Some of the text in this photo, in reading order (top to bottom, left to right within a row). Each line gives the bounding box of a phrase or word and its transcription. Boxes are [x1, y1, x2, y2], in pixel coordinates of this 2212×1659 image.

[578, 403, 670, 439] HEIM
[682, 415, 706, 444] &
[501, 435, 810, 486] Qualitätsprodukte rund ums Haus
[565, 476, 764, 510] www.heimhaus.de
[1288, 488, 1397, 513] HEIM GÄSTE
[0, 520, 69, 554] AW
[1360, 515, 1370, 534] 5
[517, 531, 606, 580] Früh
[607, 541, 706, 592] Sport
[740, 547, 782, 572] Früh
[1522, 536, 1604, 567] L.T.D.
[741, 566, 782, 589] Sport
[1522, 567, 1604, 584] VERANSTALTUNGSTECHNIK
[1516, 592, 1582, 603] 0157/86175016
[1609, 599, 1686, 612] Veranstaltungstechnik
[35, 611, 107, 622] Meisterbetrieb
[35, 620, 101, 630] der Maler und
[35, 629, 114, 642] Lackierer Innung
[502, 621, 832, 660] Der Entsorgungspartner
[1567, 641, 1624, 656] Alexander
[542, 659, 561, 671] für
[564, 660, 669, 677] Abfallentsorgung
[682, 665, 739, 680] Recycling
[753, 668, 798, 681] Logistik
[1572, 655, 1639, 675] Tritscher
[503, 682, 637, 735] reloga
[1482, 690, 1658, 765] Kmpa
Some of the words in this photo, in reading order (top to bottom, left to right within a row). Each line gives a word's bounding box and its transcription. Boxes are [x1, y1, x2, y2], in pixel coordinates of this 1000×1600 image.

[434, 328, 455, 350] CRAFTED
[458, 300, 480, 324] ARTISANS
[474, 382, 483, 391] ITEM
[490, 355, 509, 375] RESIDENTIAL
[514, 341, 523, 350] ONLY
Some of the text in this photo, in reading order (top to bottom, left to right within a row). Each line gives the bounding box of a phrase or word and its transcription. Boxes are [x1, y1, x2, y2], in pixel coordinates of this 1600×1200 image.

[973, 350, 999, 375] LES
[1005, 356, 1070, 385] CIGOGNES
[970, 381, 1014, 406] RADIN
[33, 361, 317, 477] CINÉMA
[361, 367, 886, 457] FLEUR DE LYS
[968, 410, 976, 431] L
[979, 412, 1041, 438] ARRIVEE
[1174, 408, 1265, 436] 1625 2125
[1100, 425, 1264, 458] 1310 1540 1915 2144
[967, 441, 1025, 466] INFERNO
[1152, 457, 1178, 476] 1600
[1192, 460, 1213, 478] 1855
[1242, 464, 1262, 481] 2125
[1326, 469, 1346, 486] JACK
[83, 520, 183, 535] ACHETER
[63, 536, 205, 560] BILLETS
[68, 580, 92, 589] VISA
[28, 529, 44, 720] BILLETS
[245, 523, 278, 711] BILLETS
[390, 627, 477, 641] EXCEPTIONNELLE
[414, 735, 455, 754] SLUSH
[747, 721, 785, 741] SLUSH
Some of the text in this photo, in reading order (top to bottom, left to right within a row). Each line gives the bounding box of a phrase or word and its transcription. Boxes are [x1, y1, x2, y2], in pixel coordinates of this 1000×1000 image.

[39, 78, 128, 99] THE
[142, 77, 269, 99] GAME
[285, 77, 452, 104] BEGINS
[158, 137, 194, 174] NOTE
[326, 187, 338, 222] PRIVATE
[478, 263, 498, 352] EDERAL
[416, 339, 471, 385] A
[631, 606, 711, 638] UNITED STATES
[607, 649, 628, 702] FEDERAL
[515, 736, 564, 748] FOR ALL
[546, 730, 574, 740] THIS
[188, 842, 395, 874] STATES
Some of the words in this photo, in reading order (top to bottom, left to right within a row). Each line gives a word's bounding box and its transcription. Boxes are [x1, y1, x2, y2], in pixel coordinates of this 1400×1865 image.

========

§ **THE PROBLEM**:
Restate every record word for word.

§ **RESULT OF THIS TASK**:
Some of the text in this photo, in reading order (top to bottom, left to right within a row). Each line gives the bounding box of a phrase or word and its transcription. Boxes are [x1, y1, x2, y2], in pixel coordinates of this 2212×1659 image.

[578, 403, 670, 439] HEIM
[682, 415, 706, 444] &
[501, 435, 810, 486] Qualitätsprodukte rund ums Haus
[565, 476, 764, 510] www.heimhaus.de
[1288, 488, 1397, 513] HEIM GÄSTE
[0, 520, 69, 554] AW
[1360, 515, 1370, 534] 5
[517, 531, 606, 580] Früh
[607, 541, 706, 592] Sport
[740, 547, 782, 572] Früh
[1522, 536, 1604, 567] L.T.D.
[741, 566, 782, 589] Sport
[1522, 567, 1604, 584] VERANSTALTUNGSTECHNIK
[1516, 592, 1582, 603] 0157/86175016
[1609, 599, 1686, 612] Veranstaltungstechnik
[35, 611, 107, 622] Meisterbetrieb
[35, 620, 101, 630] der Maler und
[35, 629, 114, 642] Lackierer Innung
[502, 621, 832, 660] Der Entsorgungspartner
[1567, 641, 1624, 656] Alexander
[542, 659, 561, 671] für
[564, 660, 669, 677] Abfallentsorgung
[682, 665, 739, 680] Recycling
[753, 668, 798, 681] Logistik
[1572, 655, 1639, 675] Tritscher
[503, 682, 637, 735] reloga
[1482, 690, 1658, 765] Kmpa
Some of the words in this photo, in reading order (top to bottom, left to right within a row). Each line gives a word's bounding box and its transcription. Boxes are [x1, y1, x2, y2], in pixel coordinates of this 1000×1600 image.

[434, 328, 455, 350] CRAFTED
[458, 300, 480, 324] ARTISANS
[474, 382, 483, 391] ITEM
[490, 355, 509, 375] RESIDENTIAL
[514, 341, 523, 350] ONLY
Some of the text in this photo, in reading order (top to bottom, left to right within a row). Each line gives the bounding box of a phrase or word and its transcription. Boxes are [x1, y1, x2, y2], in pixel coordinates of this 1600×1200 image.

[973, 350, 999, 375] LES
[1005, 356, 1070, 385] CIGOGNES
[970, 381, 1014, 406] RADIN
[33, 361, 317, 477] CINÉMA
[361, 367, 886, 457] FLEUR DE LYS
[968, 410, 976, 431] L
[979, 412, 1041, 438] ARRIVEE
[1174, 408, 1265, 436] 1625 2125
[1100, 425, 1264, 458] 1310 1540 1915 2144
[967, 441, 1025, 466] INFERNO
[1152, 457, 1178, 476] 1600
[1192, 460, 1213, 478] 1855
[1242, 464, 1262, 481] 2125
[1326, 469, 1346, 486] JACK
[83, 520, 183, 535] ACHETER
[63, 536, 205, 560] BILLETS
[68, 580, 92, 589] VISA
[28, 529, 44, 720] BILLETS
[245, 523, 278, 711] BILLETS
[390, 627, 477, 641] EXCEPTIONNELLE
[414, 735, 455, 754] SLUSH
[747, 721, 785, 741] SLUSH
Some of the text in this photo, in reading order (top to bottom, left to right within a row). Each line gives the bounding box of a phrase or word and its transcription. Boxes are [x1, y1, x2, y2], in pixel coordinates of this 1000×1000 image.

[39, 78, 128, 99] THE
[142, 77, 269, 99] GAME
[285, 77, 452, 104] BEGINS
[158, 137, 194, 174] NOTE
[326, 187, 338, 222] PRIVATE
[478, 263, 498, 352] EDERAL
[416, 339, 471, 385] A
[631, 606, 711, 638] UNITED STATES
[607, 649, 628, 702] FEDERAL
[515, 736, 564, 748] FOR ALL
[546, 730, 574, 740] THIS
[188, 842, 395, 874] STATES
Some of the words in this photo, in reading order (top to bottom, left to right within a row). Each line gives a word's bounding box and its transcription. Boxes are [x1, y1, x2, y2], in pixel coordinates of this 1400×1865 image.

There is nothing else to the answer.